The first and second stage of Egypt’s parliamentary elections produced a 28.3 percent turnout rate, Egypt’s High Electoral Committee (HEC) announced on Friday.
In a press conference, the head of the HEC Ayman Abbas said that 15,206,010 out of 53,786,762 eligible voters cast their ballots in both stages.
“With this announcement, the roadmap that has started with drafting the constitution, then electing a president, and lastly forming the legislative authority in Egypt, has been completed,” Abbas said, referring to the steps that followed the ouster of Islamist president Mohamed Morsi in July 2013.
The highest turnout among the 27 governorates in both stages was North Sinai with a turnout of 41.6 percent, while the lowest was Suez governorate with a turnout of 18.1 percent.
The HEC also announced that the turnout for the second stage runoffs, which took place on 1 and 2 December, reached 6,253,987 voters with a rate of 22.3 percent.
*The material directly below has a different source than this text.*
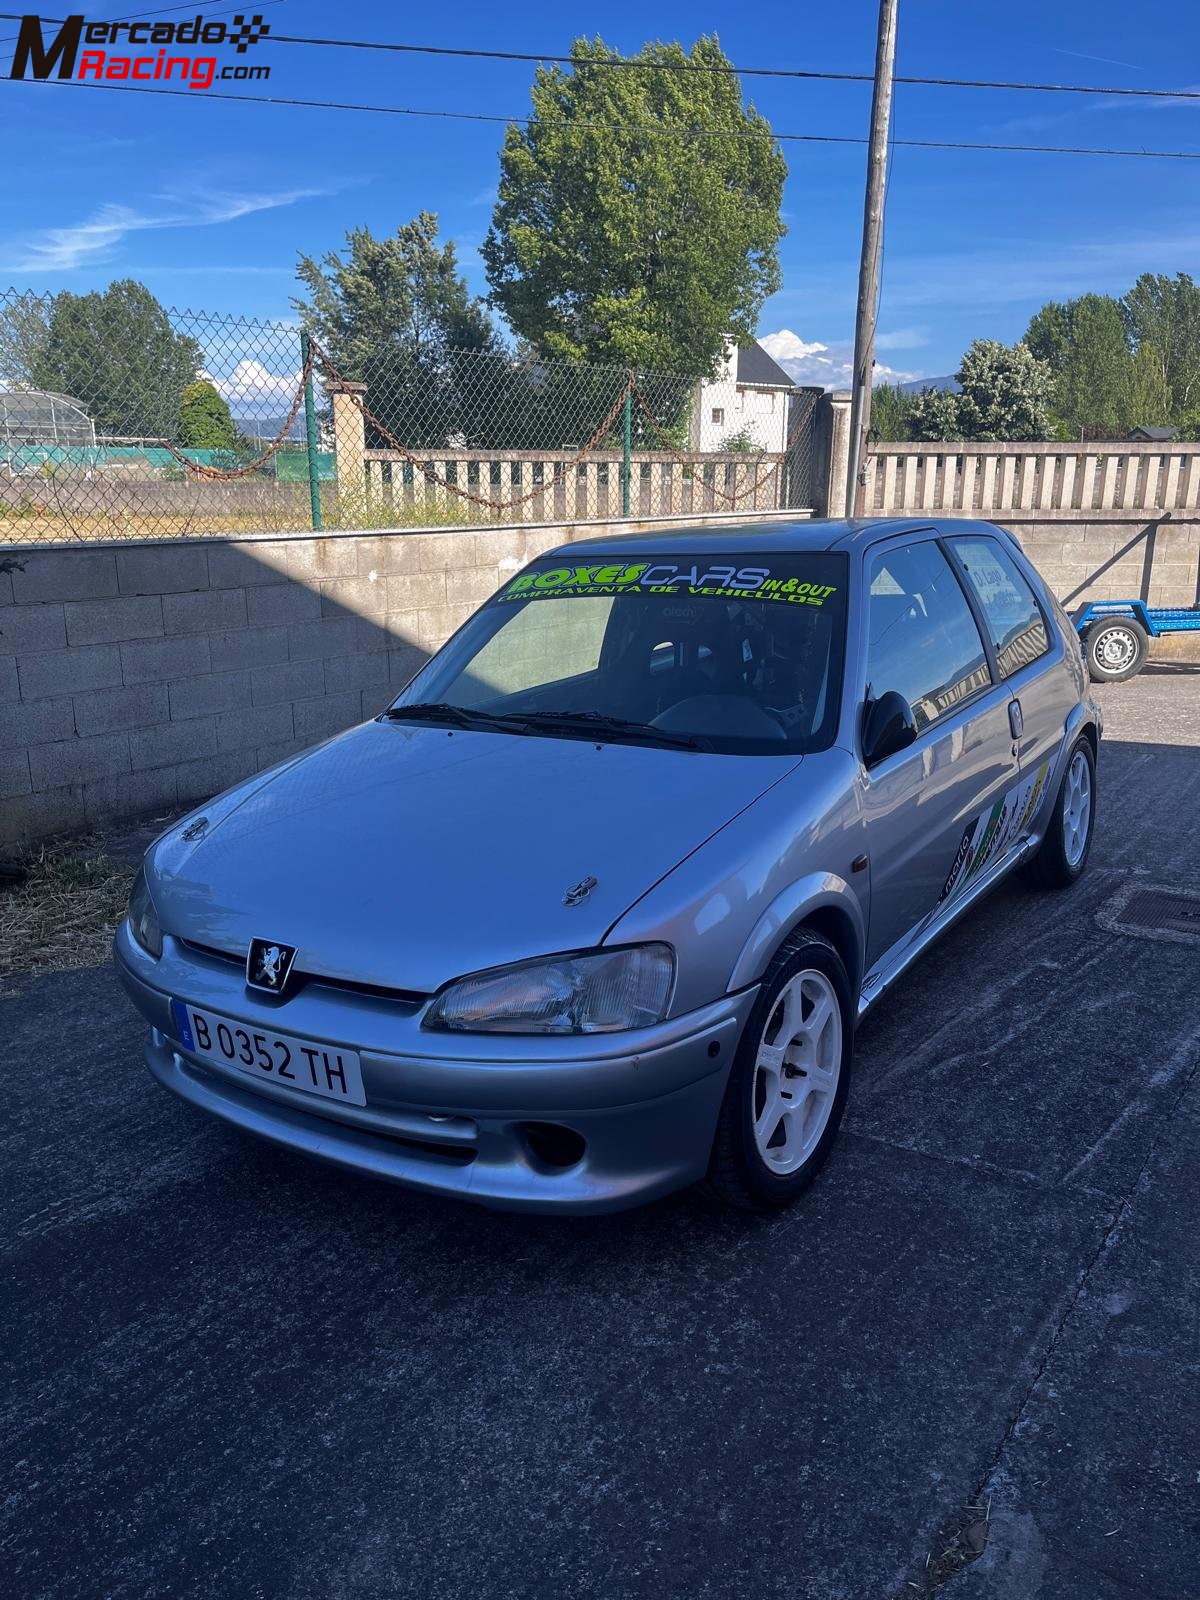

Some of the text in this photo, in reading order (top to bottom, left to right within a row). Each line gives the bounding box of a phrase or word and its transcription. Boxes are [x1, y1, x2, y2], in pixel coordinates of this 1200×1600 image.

Abbas also said that a total of 222 candidates in the second round have secured their seats in the individual system, breaking down the winners to 85 MPs, with some as party affiliates, reaching a percentage of 38.3 percent, while the number of independent winners reached 137 with a rate of 61.7 percent.
He added that 12 women and 17 youths under 35 were among those winners.
Abbas said 13 MPs from four districts in Alexandria, Beheria, Damanhour, and Beni Suef governorates are yet to be re-elected as the districts’ first phase results were deemed void by the Egyptian administrative courts.
The head of the HEC also announced that all 60 seats for the lists in this round went to the For the Love of Egypt list that is being coordinated by former intelligence member Sameh Seif El-Yazal.
The For the Love of Egypt electoral list already won 60 party-based list seats in the first stage of the parliamentary elections.
Egypt’s parliament — the House of Representatives — will be comprised of 596 members; 448 elected as independents and 120 from party-based lists. The remaining 28 seats will be filled by presidential appointments.
The parliament’s lower house was dissolved in June 2012 due to the unconstitutionality of an election law. In the following year the upper house, the only house operating at the time, was dismantled upon Morsi’s ouster.
President Abdel-Fattah El-Sisi has held legislative powers since his election in 2014 due to the absence of an elected parliament.